Option A: Azure OpenAI (Recommended for Enterprise)

OPENAI_API_KEY=your-azure-openai-key
DEFAULT_DIFFBOT_CHAT_MODEL="azure_ai_gpt_4o_mini"
LLM_MODEL_CONFIG_azure_ai_gpt_4o_mini="your-deployment-name,https://your-resource.openai.azure.com/,your-api-key,2024-08-01-preview"

Option B: Standard OpenAI

OPENAI_API_KEY=your-openai-api-key
DEFAULT_DIFFBOT_CHAT_MODEL="openai_gpt_4o_mini"
LLM_MODEL_CONFIG_openai_gpt_4o_mini="gpt-4o-mini-2024-07-18,your-openai-api-key"

Option C: Other Providers (Gemini, Anthropic, Bedrock, etc. - see .env.example for configuration)

Required: Neo4j Database

Option A: Use Included Docker Neo4j (No configuration needed - default in .env.example)

NEO4J_URI="bolt://neo4j:7687"
NEO4J_USERNAME="neo4j"
NEO4J_PASSWORD="password123"  # Change in production!
NEO4J_DATABASE="neo4j"

Option B: Use External Neo4j Aura or Self-Hosted

NEO4J_URI="neo4j+s://your-instance.databases.neo4j.io:7687"  # For Aura
# OR
NEO4J_URI="bolt://your-neo4j-host:7687"  # For self-hosted
NEO4J_USERNAME="neo4j"
NEO4J_PASSWORD="your-neo4j-password"
NEO4J_DATABASE="neo4j"

Optional: Embedding Model

EMBEDDING_MODEL="all-MiniLM-L6-v2"  # Local model (no API key needed)
# OR
EMBEDDING_MODEL="openai"  # Requires OpenAI API key

3. Build and Run

docker compose build
docker compose up -d

4. Access the Application

Note: Ports are mapped to avoid conflicts with other services:

  • Frontend: 8502 (internal: 8501)
  • Backend: 8001 (internal: 8000)
  • Neo4j Browser: 7475 (internal: 7474)
  • Neo4j Bolt: 7688 (internal: 7687) - use bolt://localhost:7688 for external connections

Using Local Models with Ollama

KnowledgeCatalyst supports running completely locally with Ollama - no API keys or cloud services required!

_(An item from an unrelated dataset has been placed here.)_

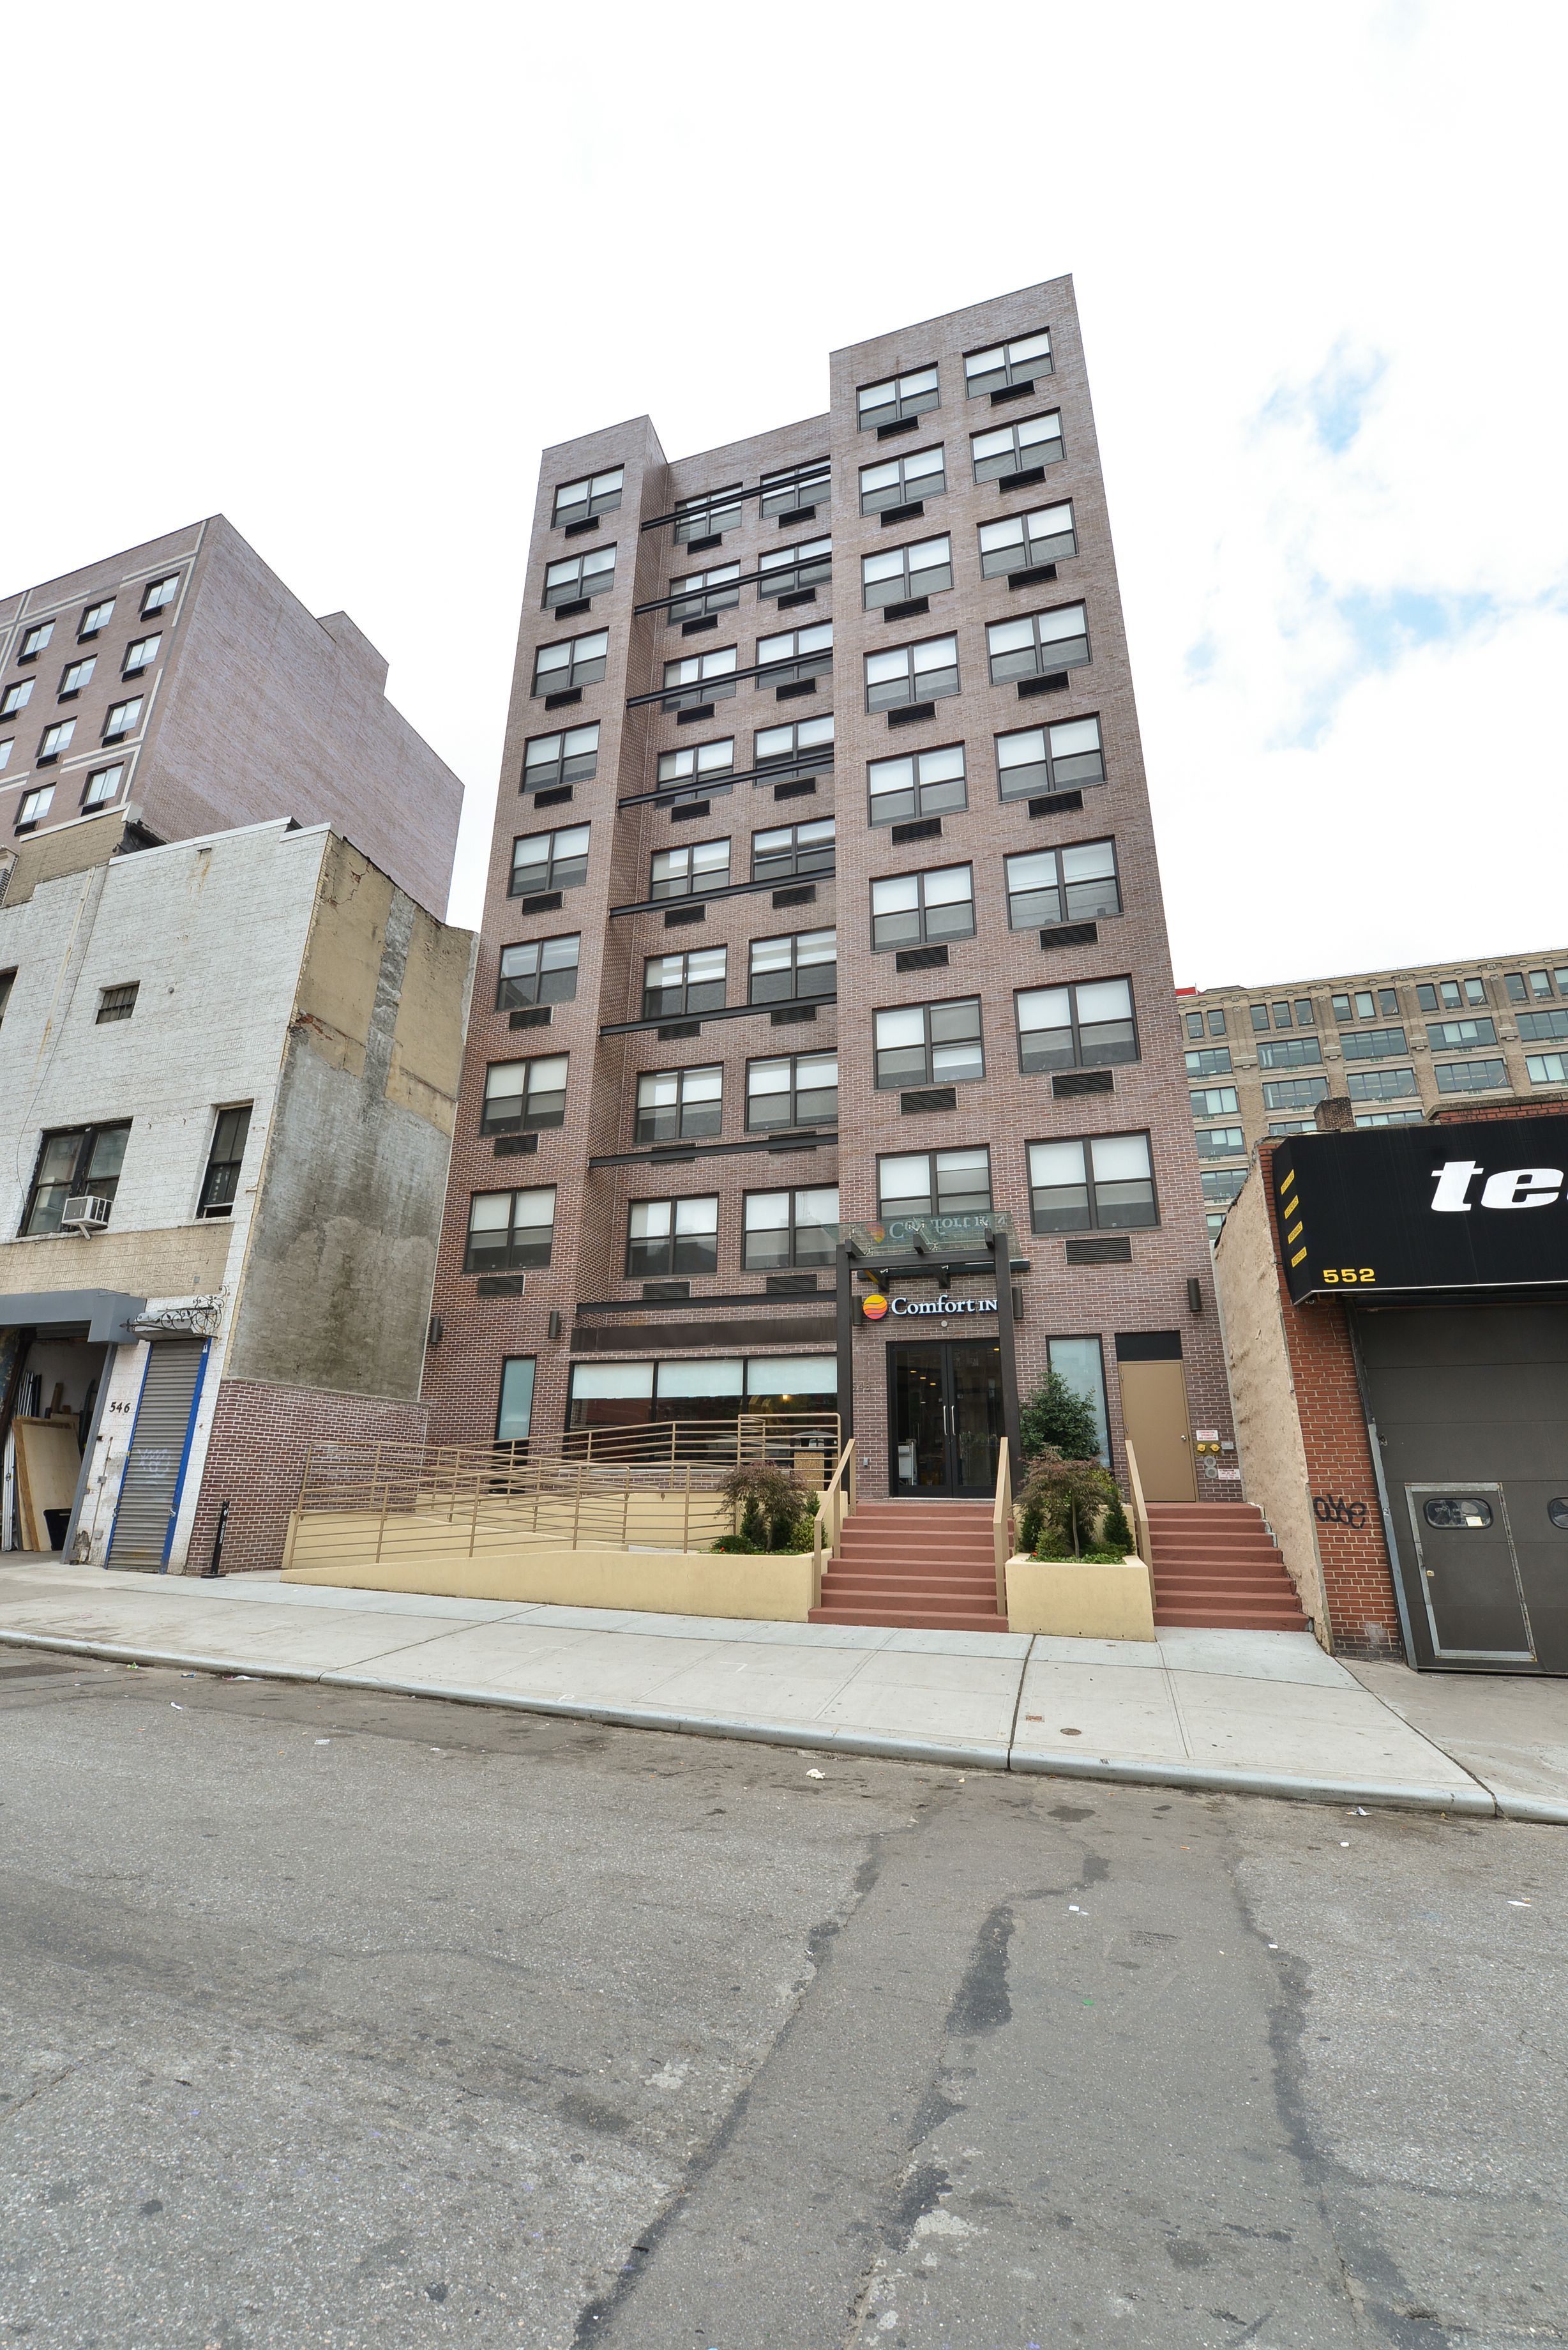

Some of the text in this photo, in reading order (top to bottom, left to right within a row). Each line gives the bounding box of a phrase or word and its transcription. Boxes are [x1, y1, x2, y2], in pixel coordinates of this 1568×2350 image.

[1431, 1160, 1568, 1211] te
[1323, 1268, 1376, 1283] 552
[891, 1294, 975, 1315] Comfort
[109, 1401, 132, 1413] 546

Option 1: Ollama Installed Locally

  1. Install Ollama (if not already installed):

    # Visit https://ollama.ai for installation instructions
    # Or use: curl -fsSL https://ollama.ai/install.sh | sh
  2. Pull a model:

    ollama pull llama3         # Meta's Llama 3 (recommended)
    # Or try other models:
    ollama pull llama3.2       # Llama 3.2
    ollama pull mistral        # Mistral 7B
    ollama pull phi3           # Microsoft Phi-3
    ollama pull qwen2.5        # Qwen 2.5
    ollama pull deepseek-r1:8b # DeepSeek-R1 8B
  3. Configure .env:

    DEFAULT_DIFFBOT_CHAT_MODEL="ollama_llama3"
    GRAPH_CLEANUP_MODEL="ollama_llama3"
    LLM_MODEL_CONFIG_ollama_llama3="llama3,http://localhost:11434"
    EMBEDDING_MODEL="all-MiniLM-L6-v2"  # Local embeddings (no API key needed)
  4. Start KnowledgeCatalyst:

    docker compose up -d

Option 2: Ollama in Docker Compose

  1. Enable Ollama service in docker-compose.yml:

    • Uncomment the ollama service section
    • Uncomment ollama_data: in the volumes section
  2. Start all services:

    docker compose up -d
  3. Pull a model:

    docker compose exec ollama ollama pull llama3
  4. Configure .env (use http://ollama:11434 for Docker networking):

    DEFAULT_DIFFBOT_CHAT_MODEL="ollama_llama3"
    LLM_MODEL_CONFIG_ollama_llama3="llama3,http://ollama:11434"
  5. Restart backend to pick up changes:

    docker compose restart backend

GPU Acceleration for Ollama

For better performance with larger models, enable GPU support:

  1. Install nvidia-docker (for NVIDIA GPUs)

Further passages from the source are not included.